====== DATA RECORDS ======

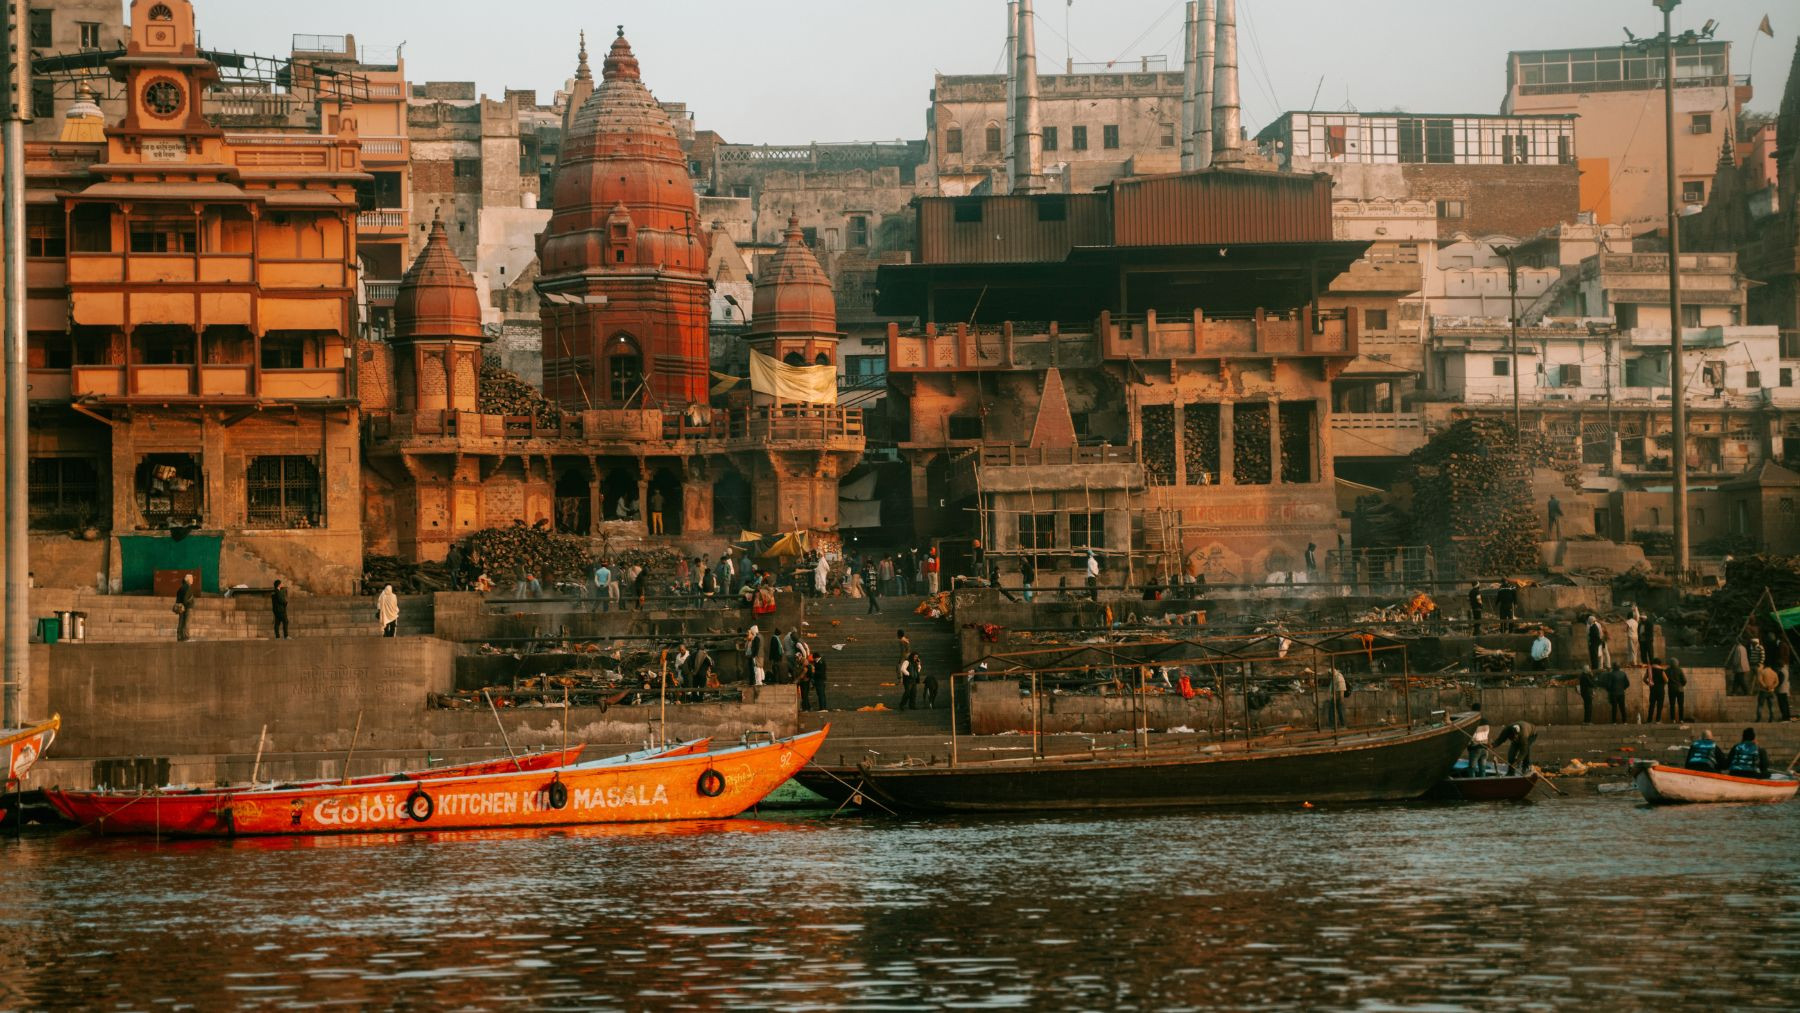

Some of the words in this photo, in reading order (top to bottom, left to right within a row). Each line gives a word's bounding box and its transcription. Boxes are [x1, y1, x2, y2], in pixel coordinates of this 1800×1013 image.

[780, 751, 792, 768] 92
[438, 792, 517, 816] KITCHEN
[522, 790, 567, 813] KIN
[573, 784, 669, 809] MASALA
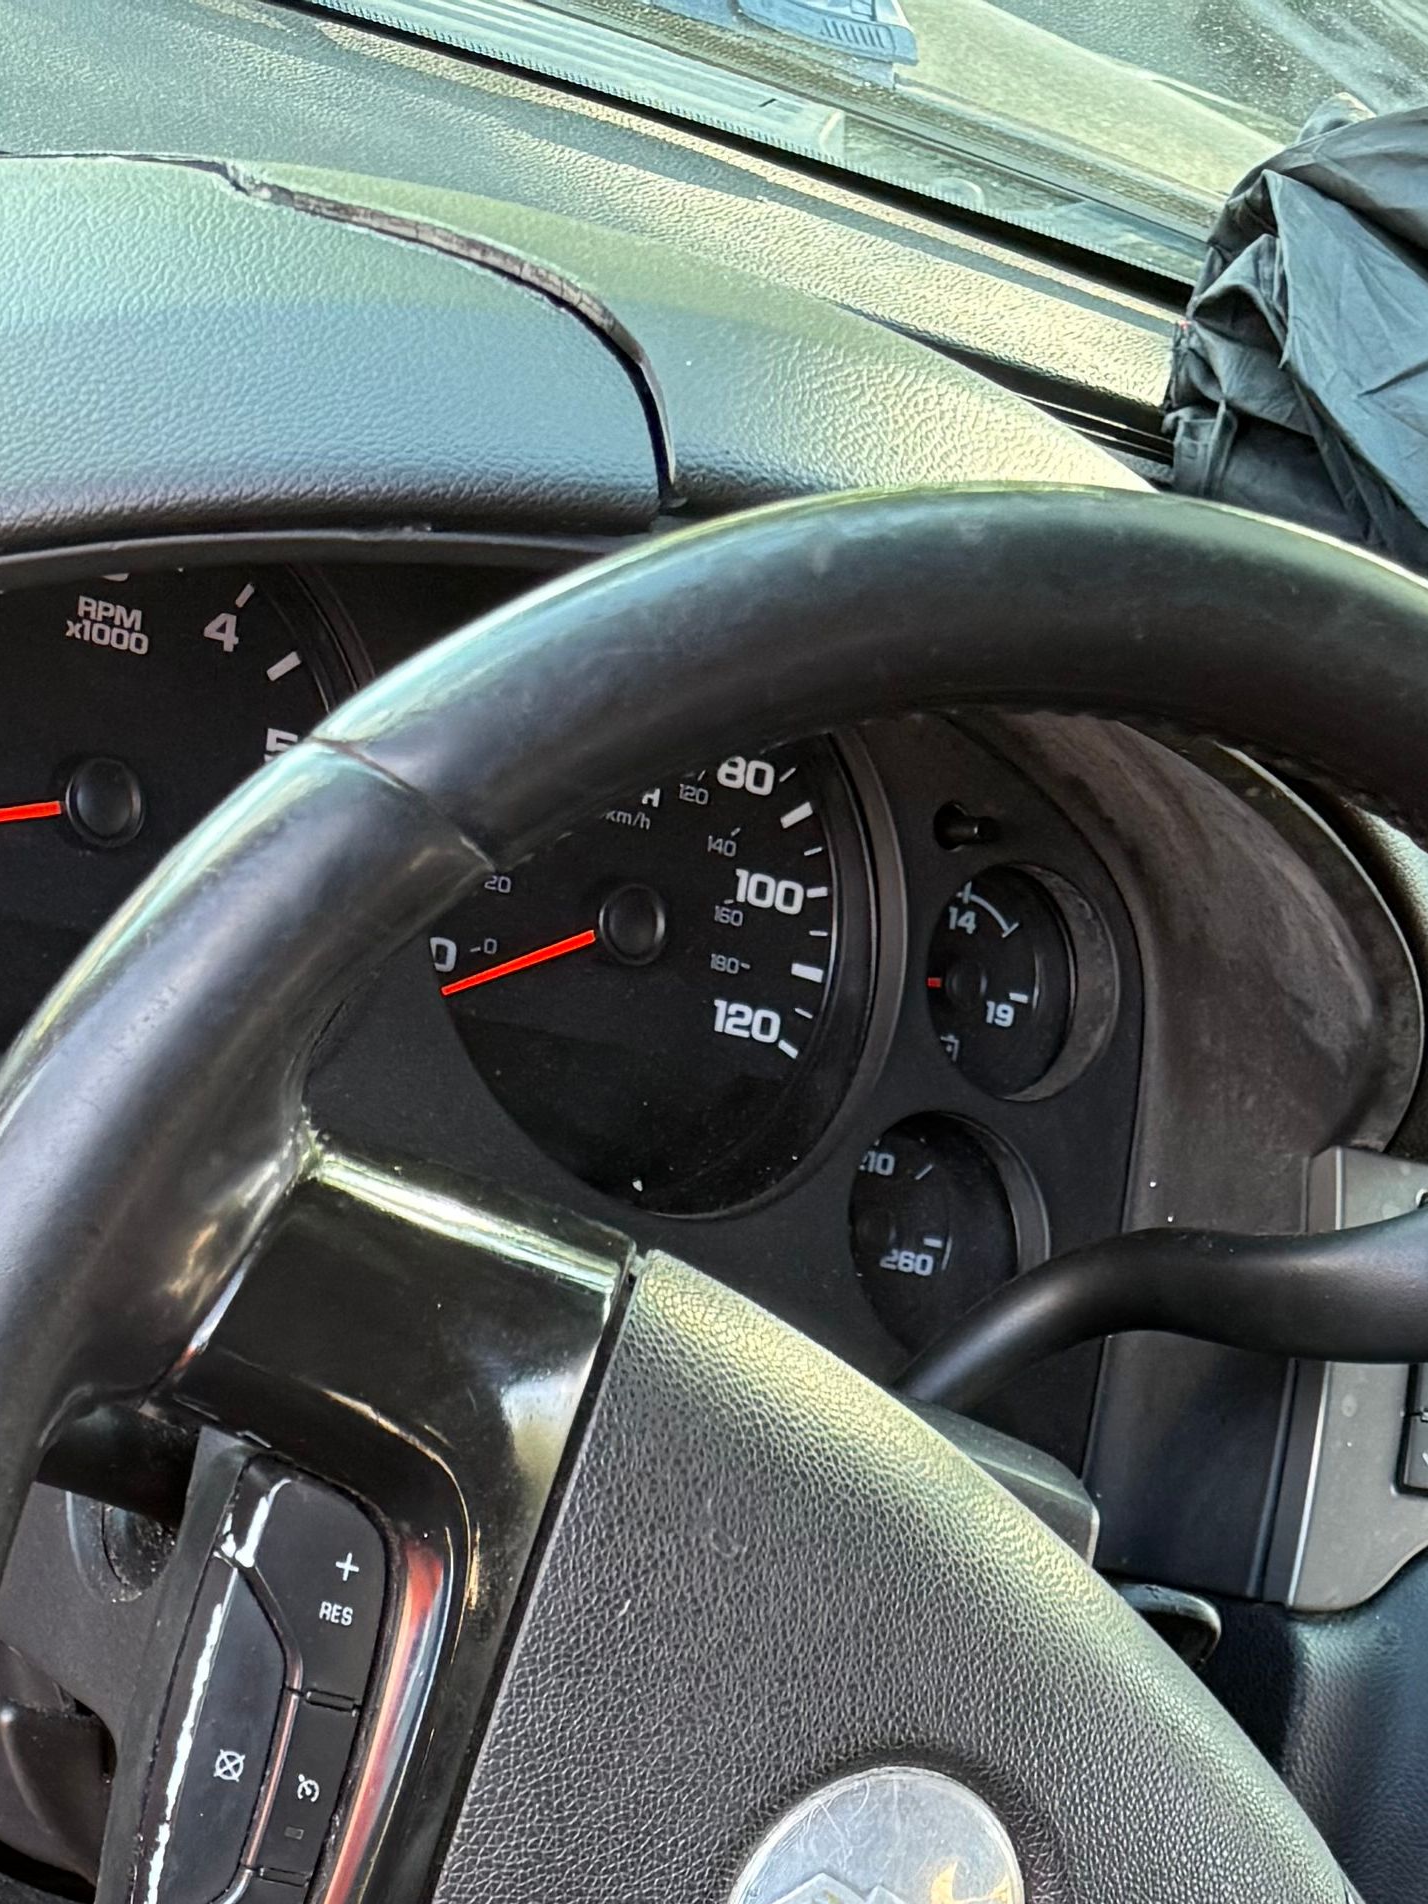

======

• [TASK]:
In your copy, leave out the pictures and reproduce the material above exactly.

• [EXERCISE OUTPUT]:
Some of the words in this photo, in reading order (top to bottom, left to right within a row). Each line gives a word's bounding box and its transcription. Boxes are [x1, y1, x2, y2], in pixel coordinates of this 1800×1013 image.

[780, 751, 792, 768] 92
[438, 792, 517, 816] KITCHEN
[522, 790, 567, 813] KIN
[573, 784, 669, 809] MASALA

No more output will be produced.